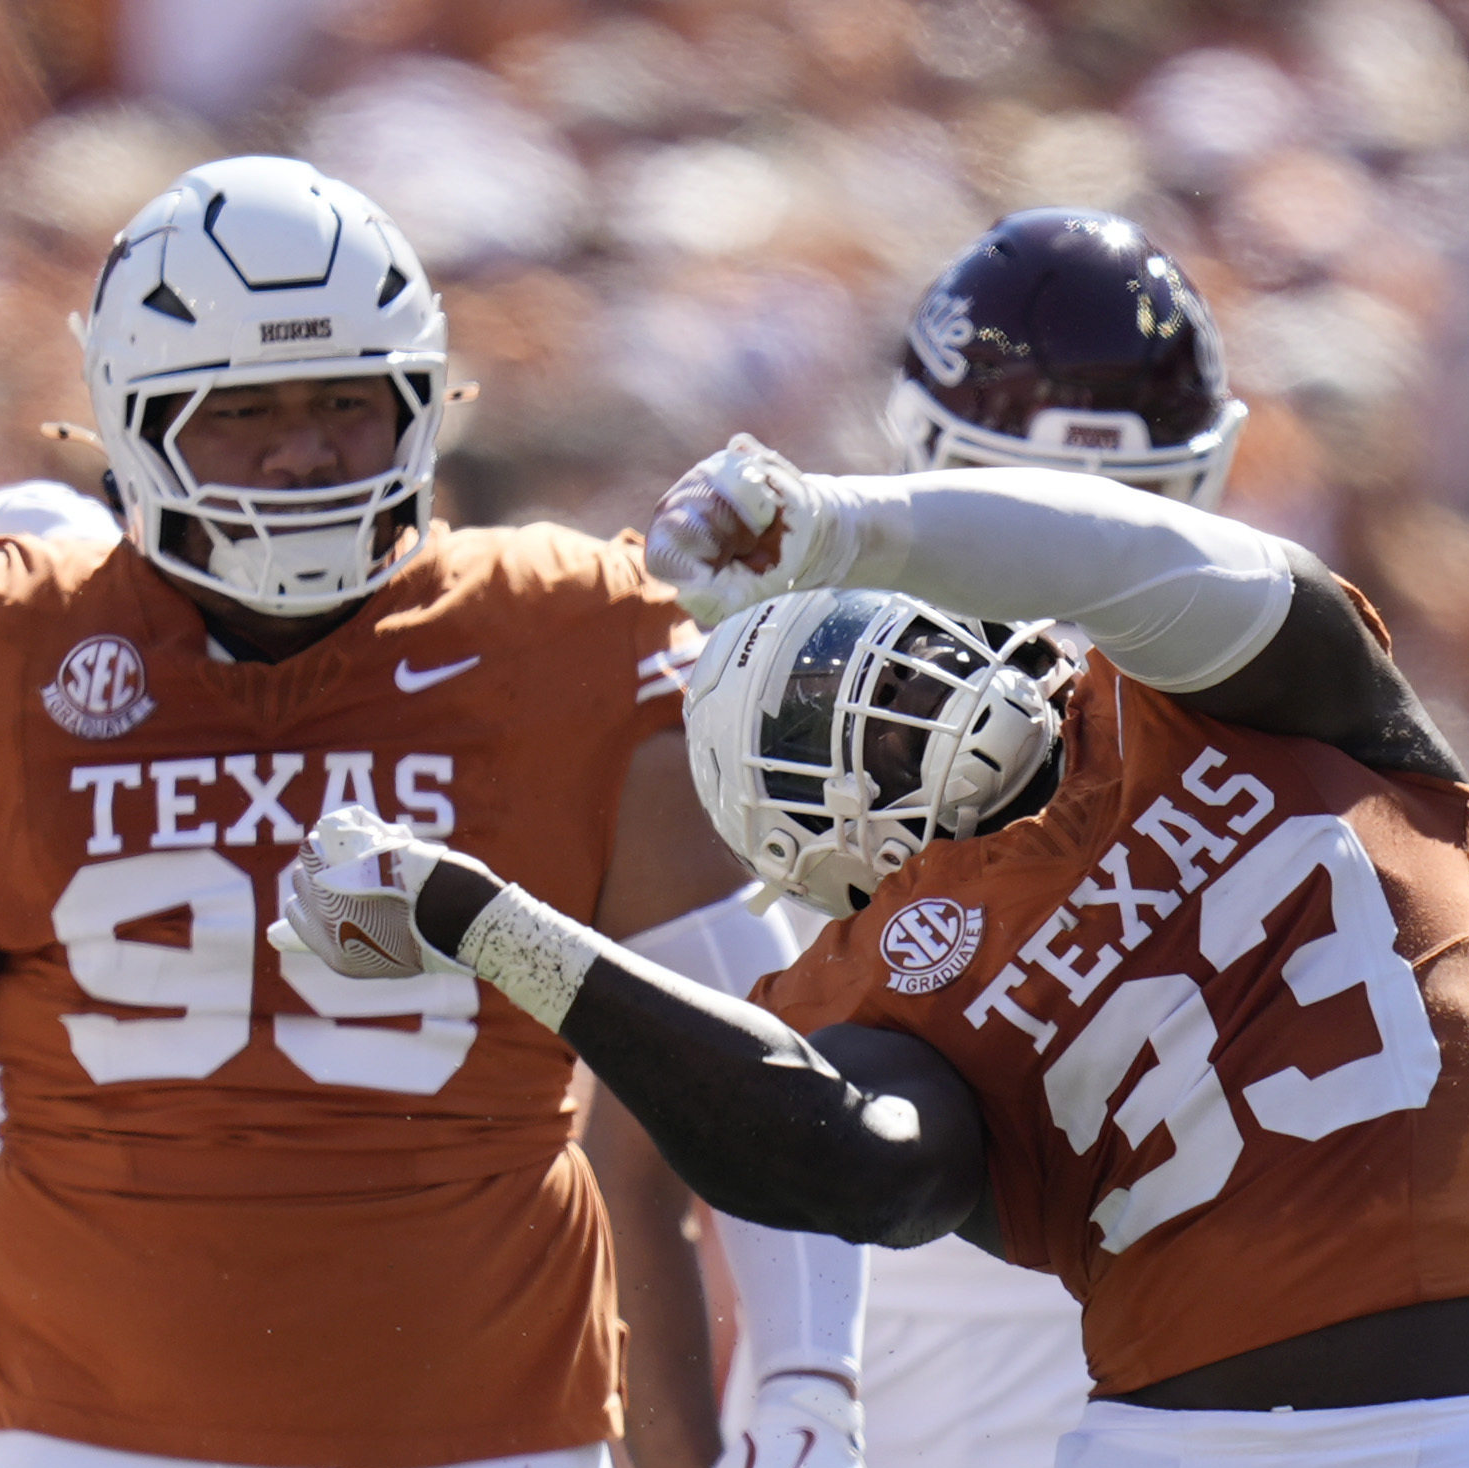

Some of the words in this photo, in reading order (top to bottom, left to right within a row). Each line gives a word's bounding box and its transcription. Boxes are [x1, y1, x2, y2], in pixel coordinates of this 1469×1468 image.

[260, 317, 332, 342] HORNS
[67, 641, 137, 713] SEC
[70, 751, 454, 855] TEXAS
[886, 901, 959, 968] SEC
[964, 746, 1274, 1054] TEXAS
[51, 848, 479, 1095] 99
[906, 928, 981, 992] GRADUATE
[1043, 815, 1441, 1254] 33
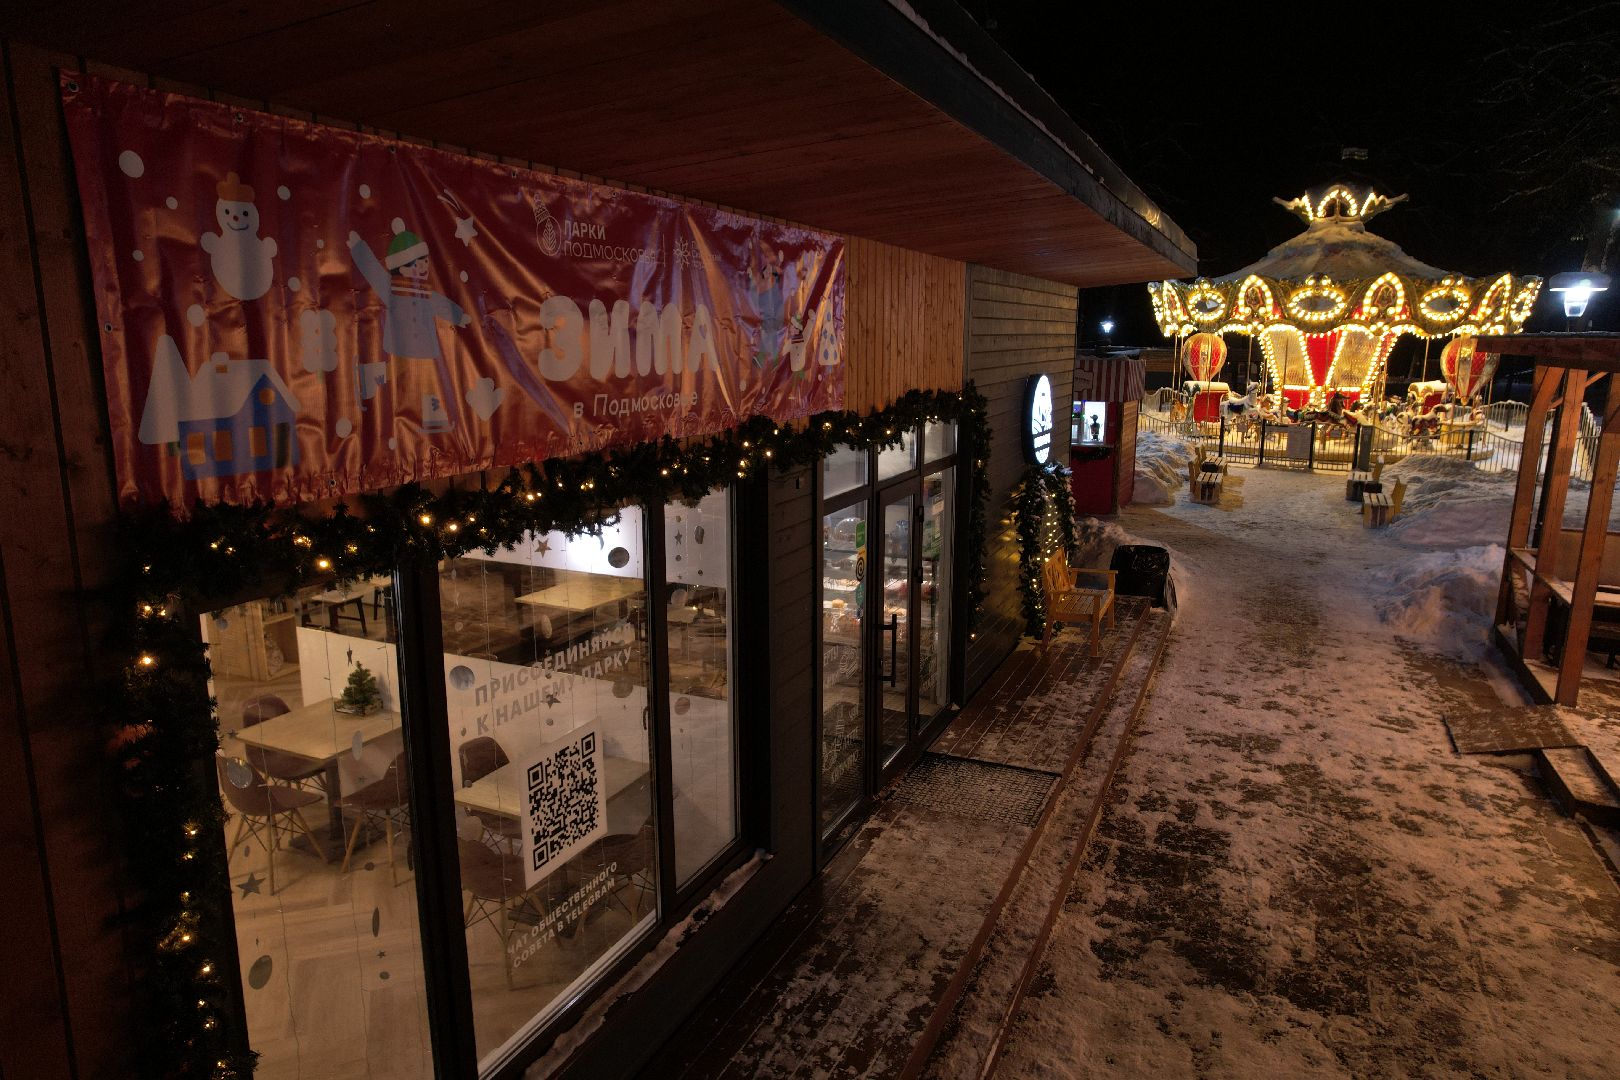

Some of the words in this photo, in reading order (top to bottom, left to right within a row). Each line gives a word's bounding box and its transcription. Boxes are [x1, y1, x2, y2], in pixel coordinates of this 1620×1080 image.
────────────────────────────────────────
WHAT YOU HAVE TO DO — Your answer should hold every record above, printed exactly and free of pictures.

ANSWER SPACE —
Some of the words in this photo, in reading order (top to bottom, left to right within a row). Each line gives a word's bounding box and its transcription. Boxes are [x1, y1, x2, y2], in pixel coordinates of this 1469×1468 image.

[260, 317, 332, 342] HORNS
[67, 641, 137, 713] SEC
[70, 751, 454, 855] TEXAS
[886, 901, 959, 968] SEC
[964, 746, 1274, 1054] TEXAS
[51, 848, 479, 1095] 99
[906, 928, 981, 992] GRADUATE
[1043, 815, 1441, 1254] 33

Some of the words in this photo, in reading order (top to bottom, left to right within a row). Each line gives a word's bounding box and its transcription. Boxes are [x1, y1, x2, y2], in pixel coordinates of this 1620×1080 image.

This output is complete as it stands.